No I didn't date anyone, and never come close to being intimate with anyone else.

 

It was a rough time for me outside of divorce. I was getting my business going, we had two small kids and my dad had a battle with cancer. Besides all that, it would have been counterproductive of my goal. After about 16 months DKT started to let me in and showed signs that we may be together again, so there was no way I was going to mess that up.

  • Like 2
  • Author
Posted
I am in a business that if it rains we are very slow. I have spent the last 3 hours reading this entire thread. I really hope y'all try and that this all works out for the both of you.

 

DKT, and lovinDKT3, Y'all sound like like the real definition of soul mates. This story did bring tears to my eyes.

 

I sincerely wish you two the very best.

 

This story could actually turn into a Lifetime Channel movie.

 

Thank you.

 

We stayed in Atlanta for a short time, Lovin hated it.
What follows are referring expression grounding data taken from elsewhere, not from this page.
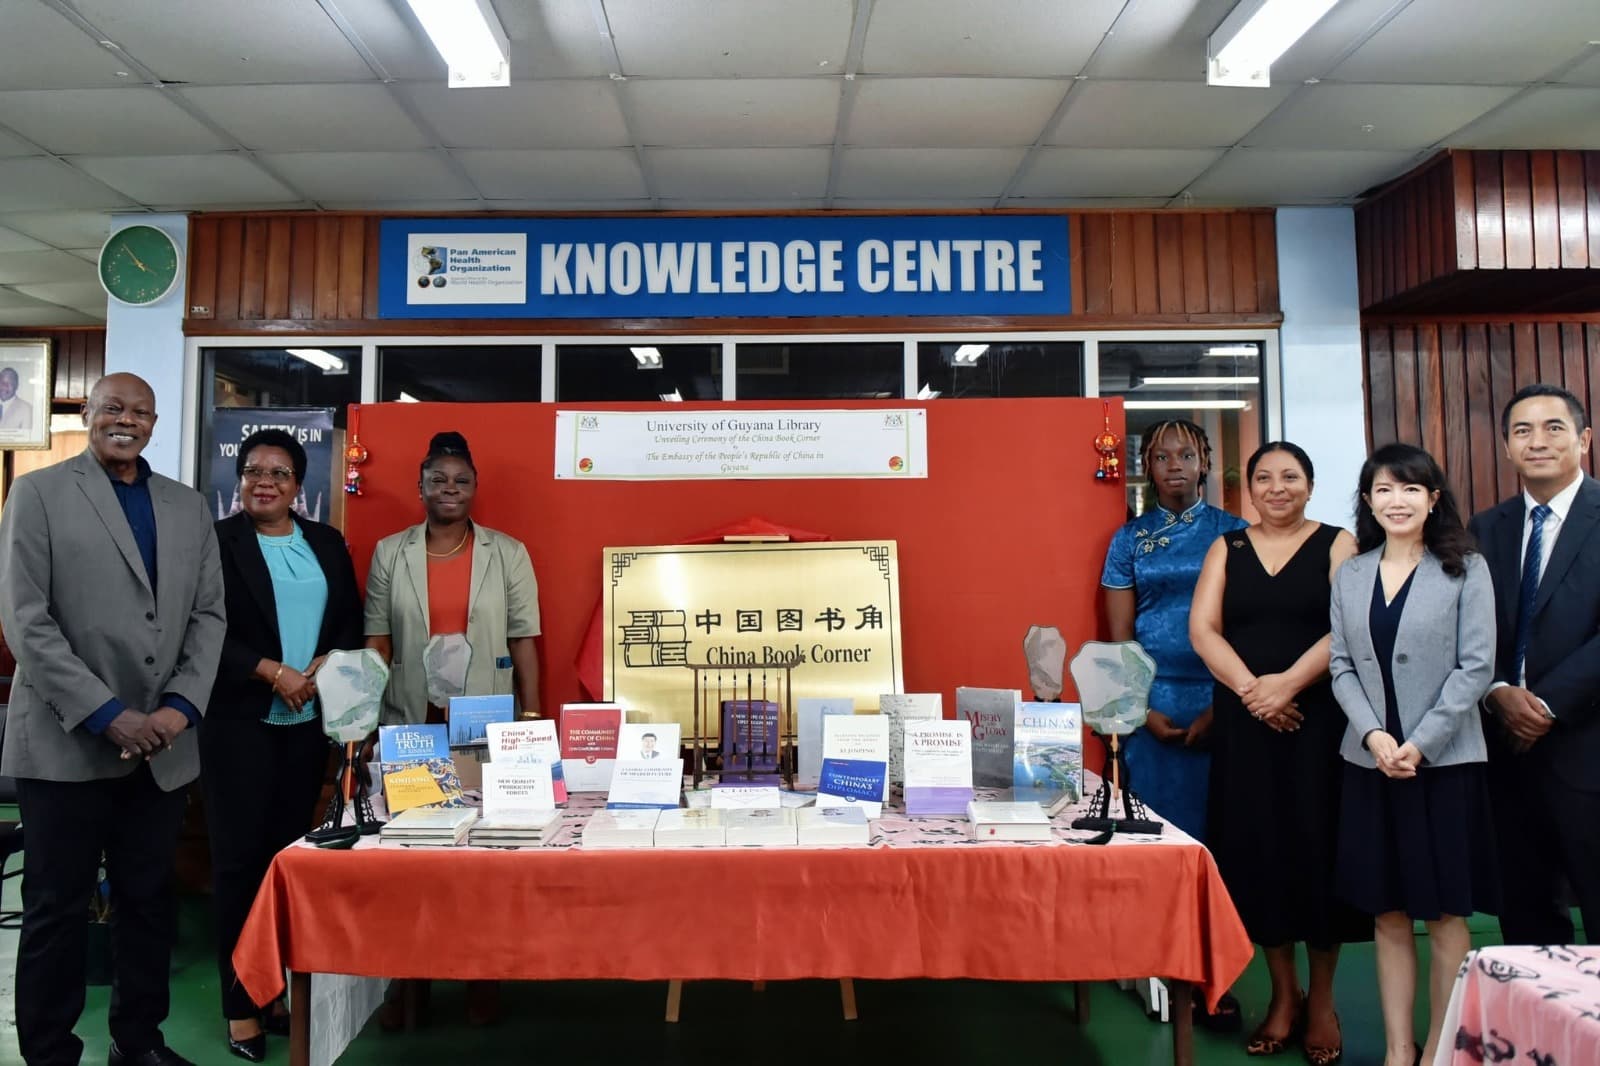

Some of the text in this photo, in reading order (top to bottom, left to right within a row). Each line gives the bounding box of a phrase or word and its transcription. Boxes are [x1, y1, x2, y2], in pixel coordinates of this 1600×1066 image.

[450, 265, 511, 273] Organization
[541, 240, 1044, 295] KNOWLEDGE CENTRE
[647, 419, 821, 434] University of Guyana Library
[297, 428, 308, 442] IS
[310, 428, 322, 442] IN
[655, 435, 691, 445] Unveiling
[692, 435, 728, 444] Ceremony
[728, 433, 738, 444] of
[752, 434, 774, 442] China
[647, 452, 660, 461] The
[662, 452, 693, 463] Embassy
[694, 451, 704, 462] of
[705, 451, 716, 460] the
[751, 451, 781, 462] Republic
[783, 451, 792, 462] of
[792, 451, 815, 460] China
[720, 463, 749, 473] Guyana
[695, 604, 883, 635] 中国图书角
[706, 643, 871, 664] China Book Corner
[395, 732, 420, 741] LIES
[501, 729, 533, 737] China's
[396, 740, 434, 750] TRUTH
[501, 736, 552, 744] High-Speed
[828, 773, 880, 784] CONTEMPORARY
[833, 779, 873, 790] CHINA'S
[826, 784, 878, 797] DIPLOMACY
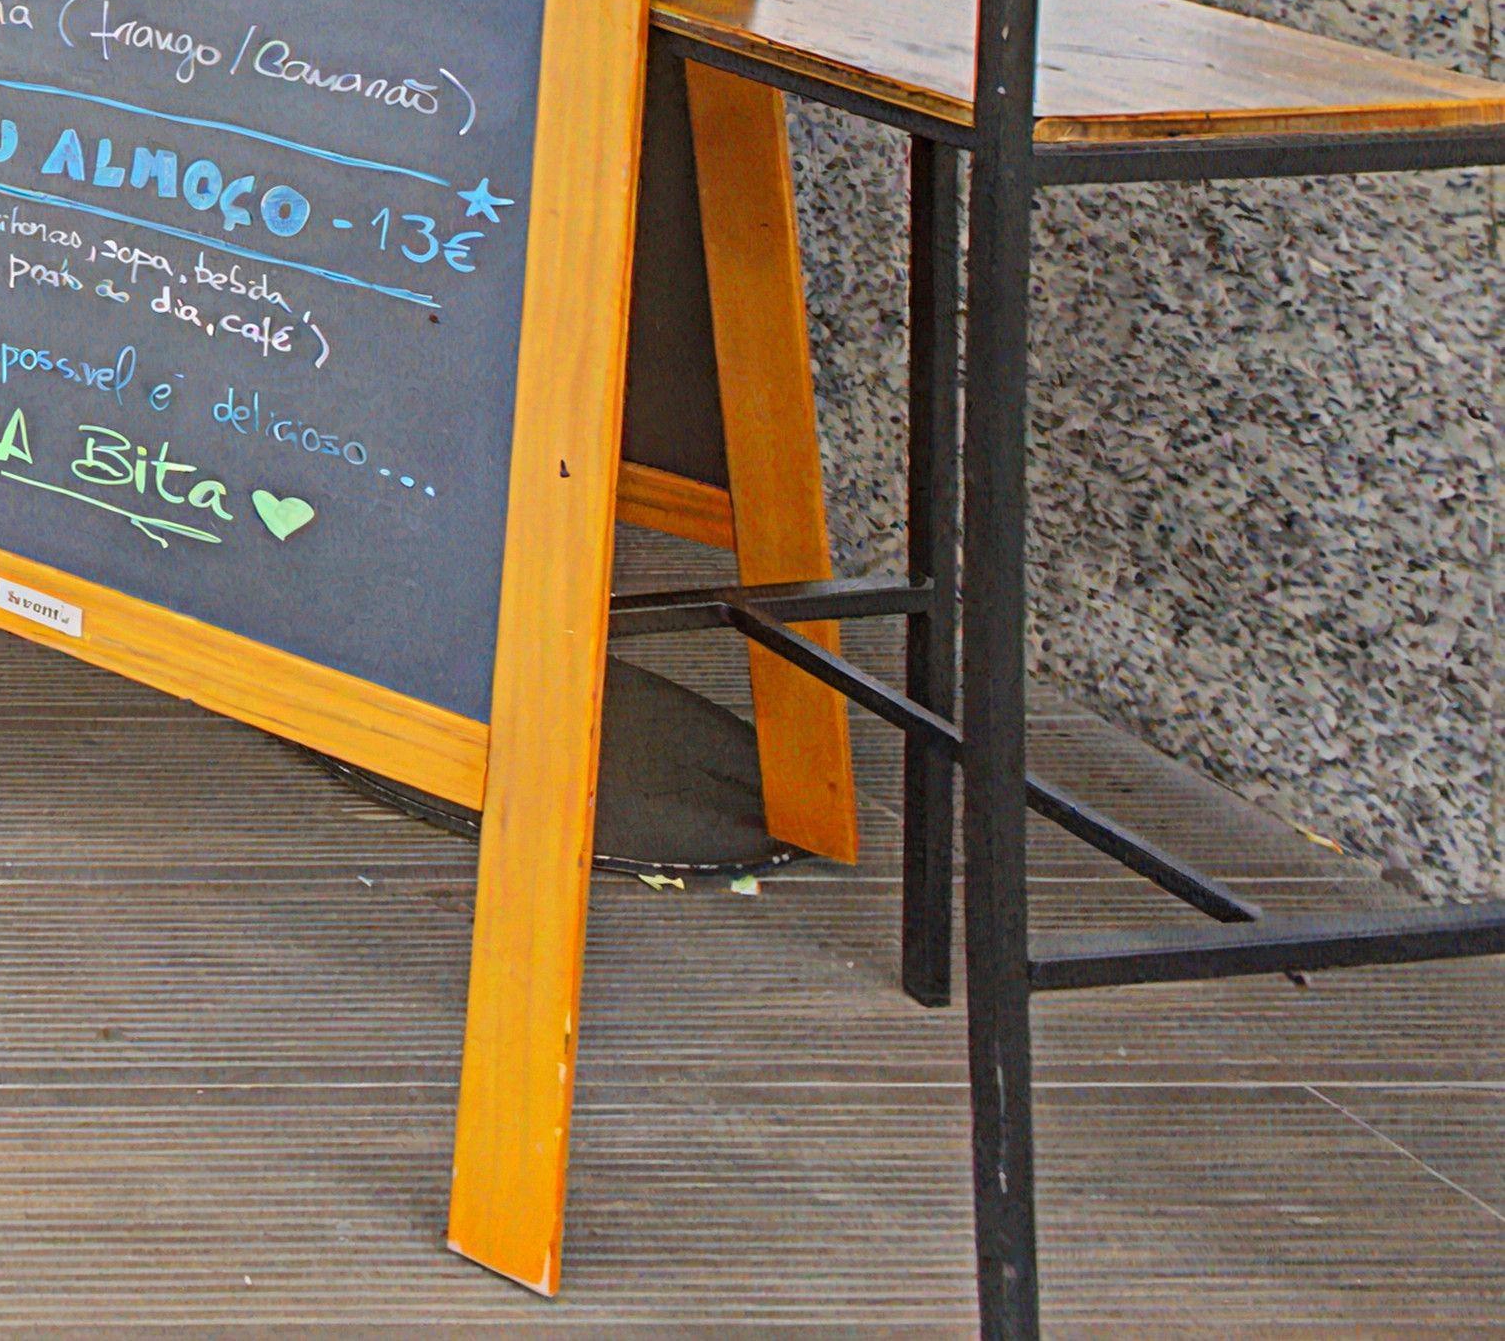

She is a true Cali girl.

 

I don't know that I believe in soulmates. I think if you find someone that knows all your bads and still loves you it worth fighting for. She is an awesome woman that put up with a lot of crap for a very long time.

  • Like 1
Posted (edited)

I always say that cheaters do not deserve a second chance. I'm so sure of this rule that it's edge in stone in my belief system. But after reading this thread and knowing the precise circumstance of how it happen. I say you both deserve a second chance. Both of you have made big mistakes. I can see that you two are at the right stage to make amends. This is not a typical fairy tale story but I hope it has a happy ending.

Edited by Valen
  • Like 1
  • Author
Posted
I always say that cheaters do not deserve a second chance. I'm so sure of this rule that it's edge in stone in my belief system. But after reading this thread and knowing the precise circumstance of how it happen. I say you both deserve a second chance. Both of you have made big mistakes. I can see that you two are at the right stage to make amends. This is not a typical fairy tale story but I hope it has a happy ending.

 

You know I always took that stance. Cheat and I'm out. Lovin knew that, so once I was on the trail she when into self preservation mode. After a few months I had given up on her and really stayed around for the kids. One day it dawned on me that this was unhealthy. I was always sooo pissed and she just cried all the time. It was a house full of anger and sadness. No way was that good for the little ones.

 

Two regrets I have is that I didn't do it 13 month earlier, and I wish I had told her face to face instead of having her served away from the home and being blindsided. It had the desired effect, but it was a d$%k move.

  • Like 2
Posted

Loving, you are a brave woman.

 

Dot, please protect your wife.

 

Take care of each other.

  • Like 2
Posted

What a great story! I love watching it unfold and it has hit a soft spot in me. Long story not worth telling, but for what it's worth I understand because of what I've been through. I read here a lot. I mean A LOT! but never post anything. This one made me want to post and give you my thoughts on the matter.

 

I love that you have great counselling going on - keep it up. I will admit I haven't read every word (I skipped some of the other posters comments but read all of OP's) so I may have missed this - but why, oh why do you feel the need to rehash the details of the affair? Is this coming from you two or from the counselor? If it's from the MC - I'm tempted to say keep the discussion in the sessions. If it's coming from the two of you wanting to deal with it - I say STOP IT! It happened - it's over - it's not going to happen again - let it die. You don't need to know the details OP, and Lovin - you don't need to get them off your chest with him - talk it out in IC. By going over it and over it - writing out the timeline - it is distracting you from the work you really need to be doing now. You both get why it happened. Let it go. Now, look ahead and not back. Work on the relationship you have right now and the one you want in the future. The people you were back then have grown up, and the time apart did you good. Now you have a different relationship and you should just enjoy the new people you have become. You are a beautiful testament to what love is all about. I'll be following you and rooting for you all the way.